Sunday, June 24, 2012

What the decision will NOT mean

No doubt, there will be all sorts of broad pronouncements about the meaning of the Court's decision once it comes down--tomorrow, Wednesday, or Thursday. And no doubt, it will be a hugely consequential decision--for the Court, for constitutional law, for health policy, and for American politics. It will probably be the most important decision since Bush v. Gore, and perhaps even more important than that. It is a big, big case.

But there is also a tendency to overstate things in the heat of the moment. And there is also an impossibility of knowing the significance of a Supreme Court decision at the moment it is handed down; too much of its ultimate significance necessarily depends on subsequent, contingent events.

So with that perspective in mind, I want to highlight--no matter what some exercised partisans are bound to claim--what the decision almost certainly will not mean.

* If the Court invalidates the individual mandate, it will not mean a return to the Lochner era. The Court surely has no interest in second-guessing most economic legislation, and it could not possibly go back to treating legislation that redistributes income or wealth as presumptively unconstitutional. (To be sure, there are some folks in the camp of challengers who would prefer that course, but it is not going to happen.) Rather, a decision invalidating the minimum coverage provision will be relatively narrow, and find constitutional fault in what makes the mandate (arguably) unique--that it requires Americans to purchase a commercial product from a private third party even though they have taken no voluntary, affirmative act to bring themselves into the ambit of Congress's jurisdiction to regulate commerce. What has made this claim viable from the beginning is that the Court could vindicate it without doing much to disturb existing precedent or to limit Congress in the future. A decision that does no more than forbid Congress from requiring persons to purchase commercial products, when they have no already voluntarily entered the regulated market, is hardly a significant limit on Congress's powers.

* Conversely, if the Court upholds the mandate, it will not signify an end to any limit on Congress's enumerated powers. First, even under the government's view, Congress still would be unable to regulate intrastate activity that is neither economic or commercial in nature, unless it was integral to a broader regulatory scheme. Thus, Lopez  an Morrison (as understood in Raich) would still stand. Further, the Court could rather easily cabin the constitutionality of purchasing mandates to instances in which it was really necessary to a broader regulatory scheme. Some might find such a rule unprincipled, unmoored from precedent, and judicially unmanageable. But a majority of the justices are plainly committed to the principle that Congress's powers are not unlimited, and they would continue to adhere to that rule.
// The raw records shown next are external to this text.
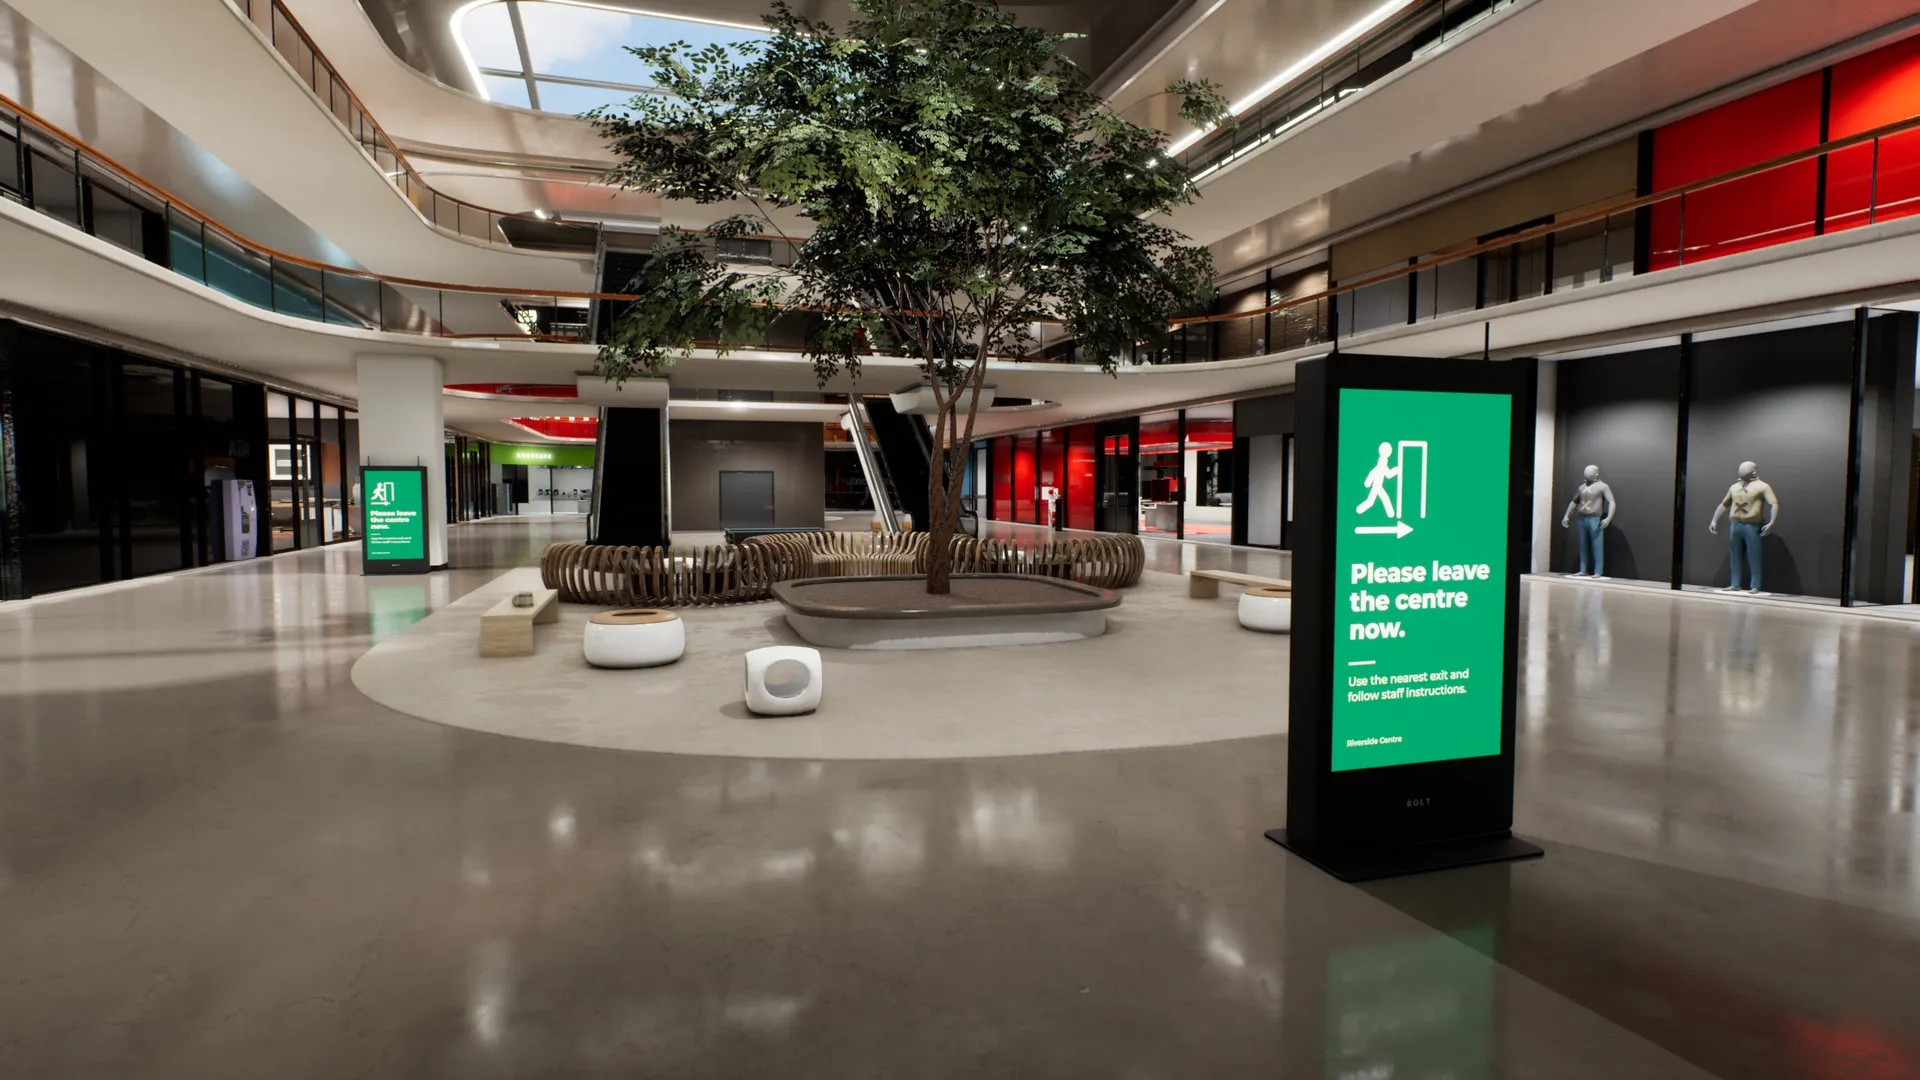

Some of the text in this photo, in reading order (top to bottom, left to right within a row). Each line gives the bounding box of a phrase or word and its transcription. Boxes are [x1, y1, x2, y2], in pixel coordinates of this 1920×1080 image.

[1351, 559, 1490, 585] Please leave
[1349, 589, 1468, 613] the centre
[1349, 622, 1406, 641] now.
[1348, 668, 1470, 687] Use the nearest exit and
[1347, 684, 1467, 703] follow staff instructions.
[1346, 736, 1403, 748] Riverside Centre
[1407, 797, 1431, 807] BOLT
* A decision to invalidate the ACA will not mean that the Court can do anything, no matter what the public and the other branches think. Public opinion is deeply divided on the ACA, with a slight majority disfavoring the Act as a whole and a substantial majority disfavoring the minimum coverage provision. Further, the national government is divided, with each party controlling one house of Congress and the President facing a very difficult reelection campaign. Under these circumstances, the Court has lots of space to render a decision reflecting the justices' sincere constitutional views. Thus, even though such a move would signify that the Court has a rather robust view of its role in American government, it hardly means that the Court would always feel so free. Other cases might present conditions that are far less inviting.
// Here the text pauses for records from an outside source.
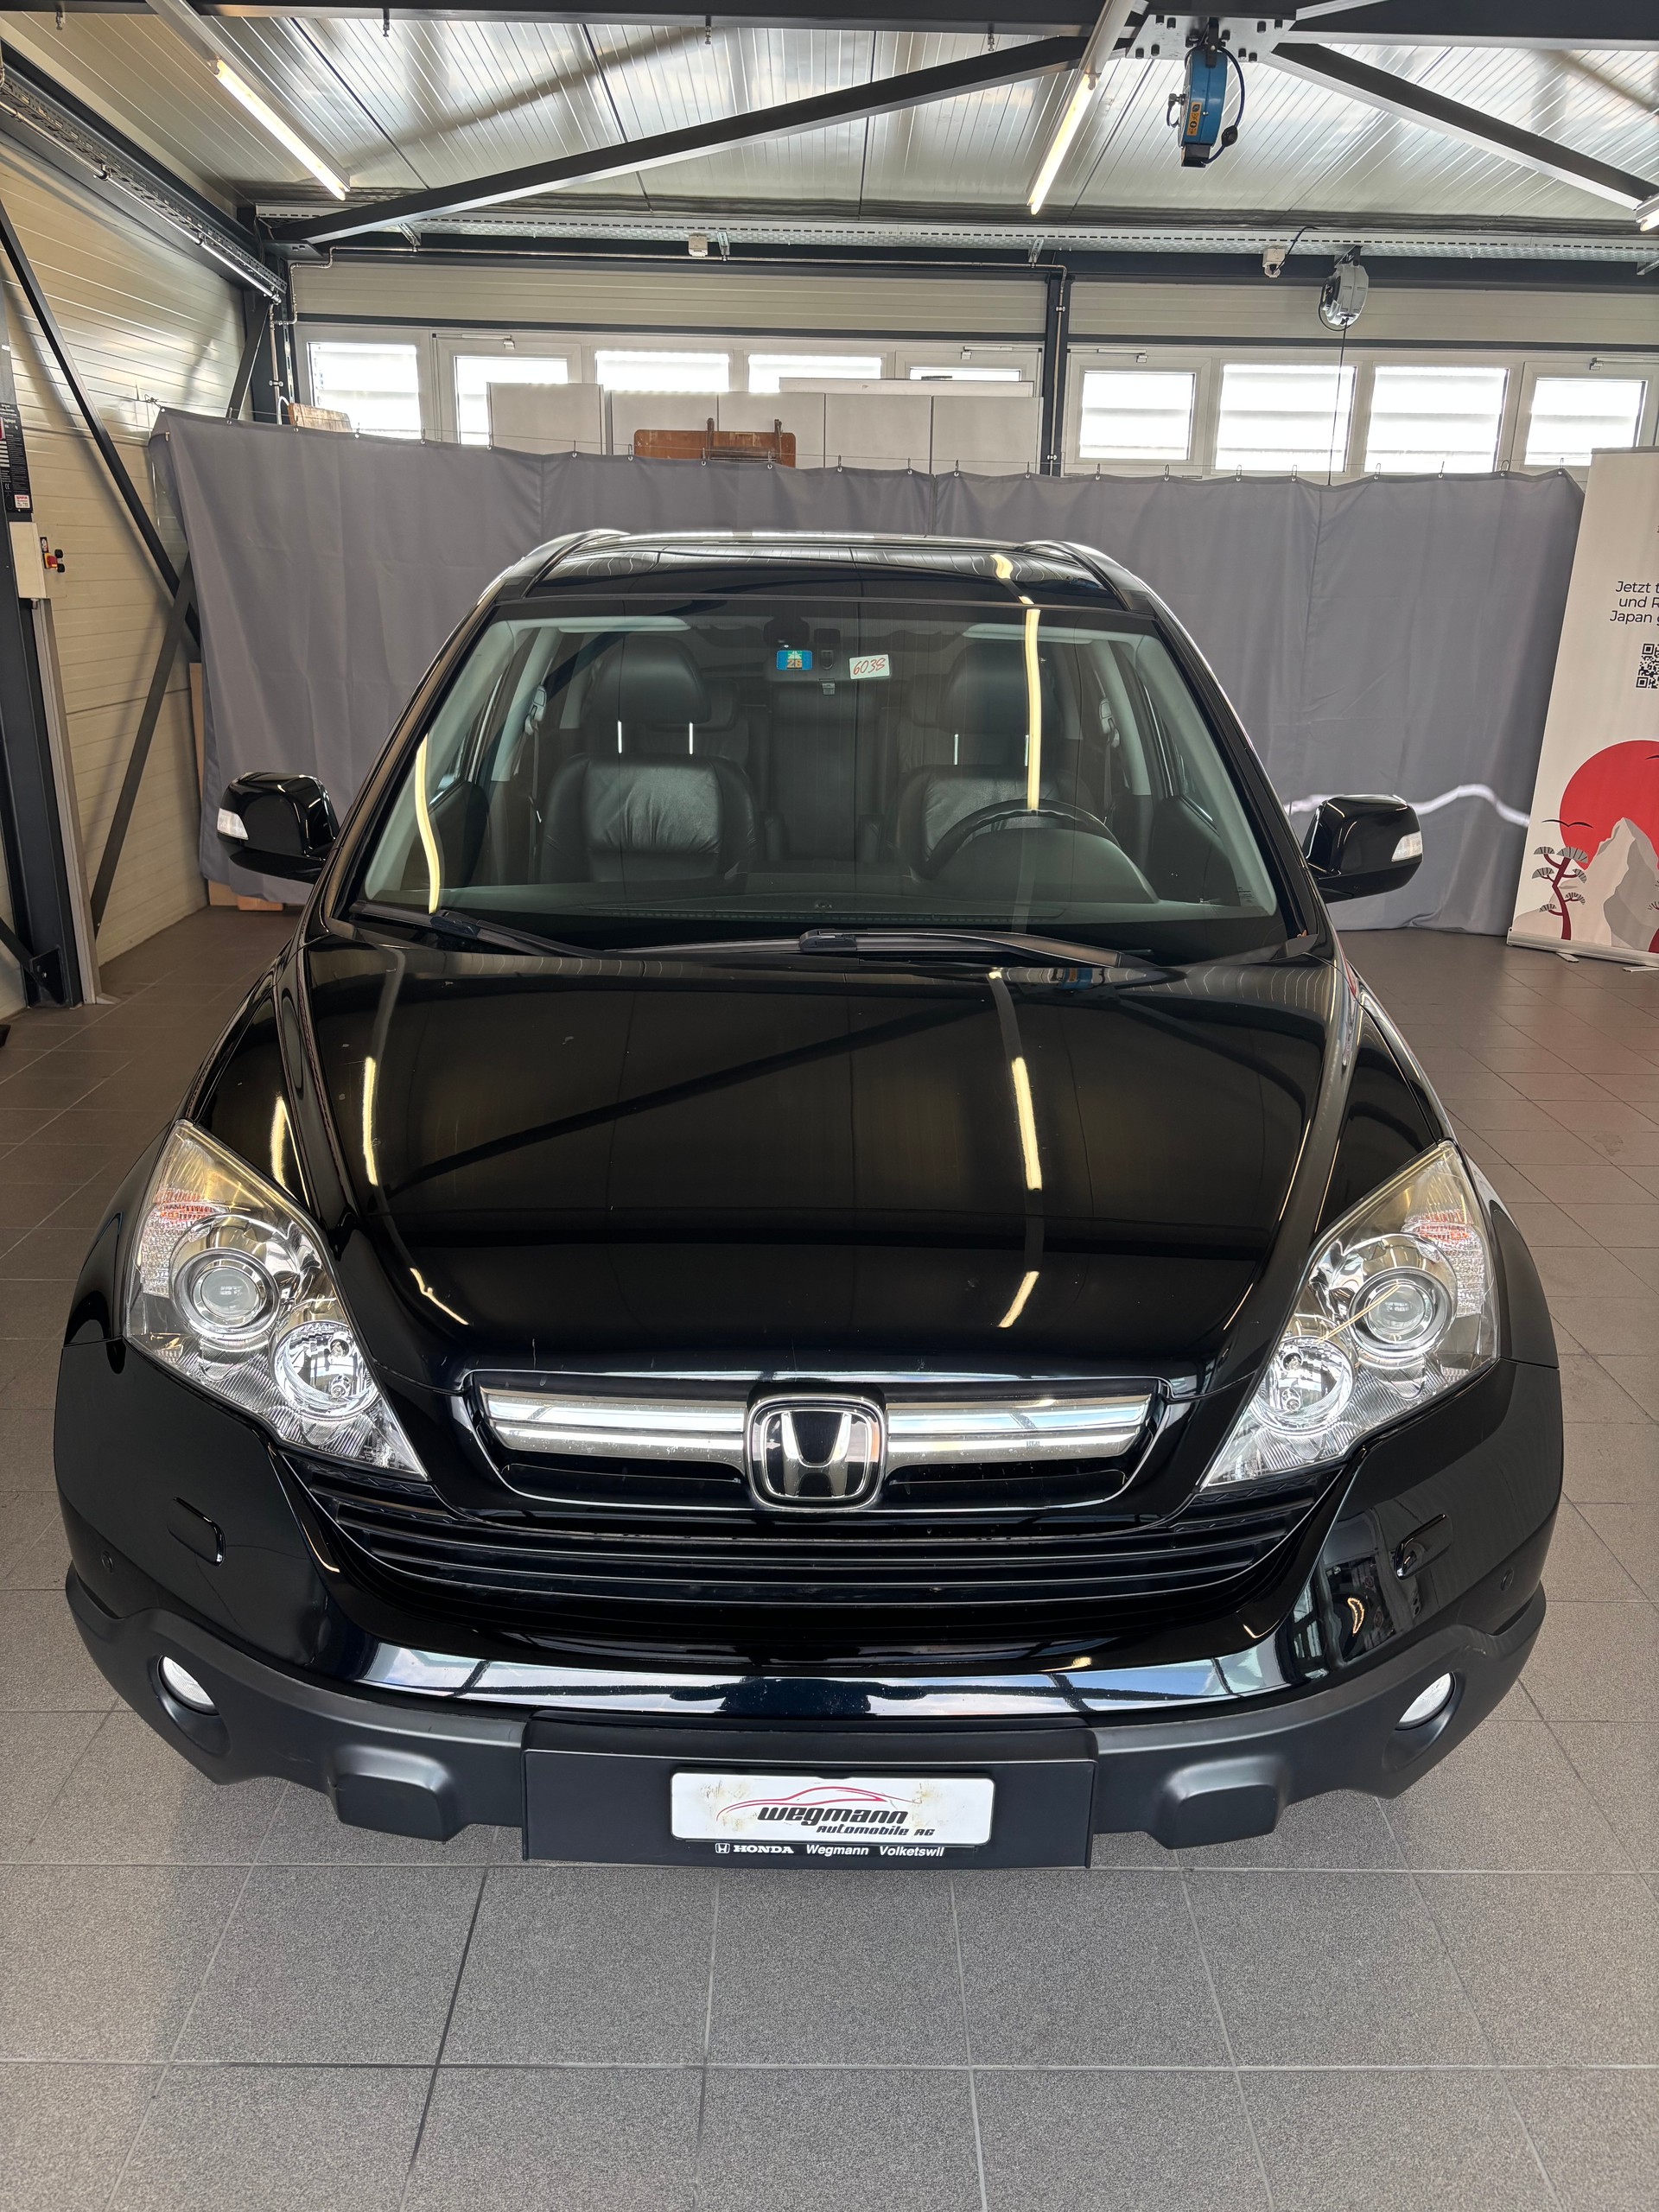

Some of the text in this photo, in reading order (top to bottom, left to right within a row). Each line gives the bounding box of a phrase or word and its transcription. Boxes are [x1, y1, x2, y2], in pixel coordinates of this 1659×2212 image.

[1616, 581, 1651, 594] Jetzt
[1619, 596, 1648, 607] und
[1610, 610, 1653, 625] Japan
[757, 1807, 908, 1826] wegmann
[733, 1844, 945, 1857] HONDA Wegmann Volketswil
* A decision upholding the ACA will not mean that the Court "folded" to political pressure. Again, the external pressure on the Court at this moment, in this case, is not terribly strong, at least if what we mean is the potential threat to the Court from rendering a particular decision. The bigger threat is long term, over time, if Americans begin to see the Court in increasingly partisan terms. If this concern influences the Court, then I do not think that is rightly called political as much as institutional. Maintaining the Court's institutional integrity over time, as an arbiter of important questions of constitutional meaning, is an important constitutional value in itself--and arguably one far more important than the subtle niceties of constitutional doctrine.

The only issue that might be understated here--and it is hard to use the words "understated" and "ACA litigation" in the same sentence--is the impact of the Medicaid issue. This question has always played a second fiddle to the individual mandate. But in terms of modern understandings of constitutional law and American government, a decision to invalidate the ACA's expansion of Medicaid would be far more disruptive than anything else that might come from the case. No doubt, the Court could draw some arbitrary lines to cabin the impact. But it is unclear how those could remain stable over time. And this is precisely why most people think it won't happen.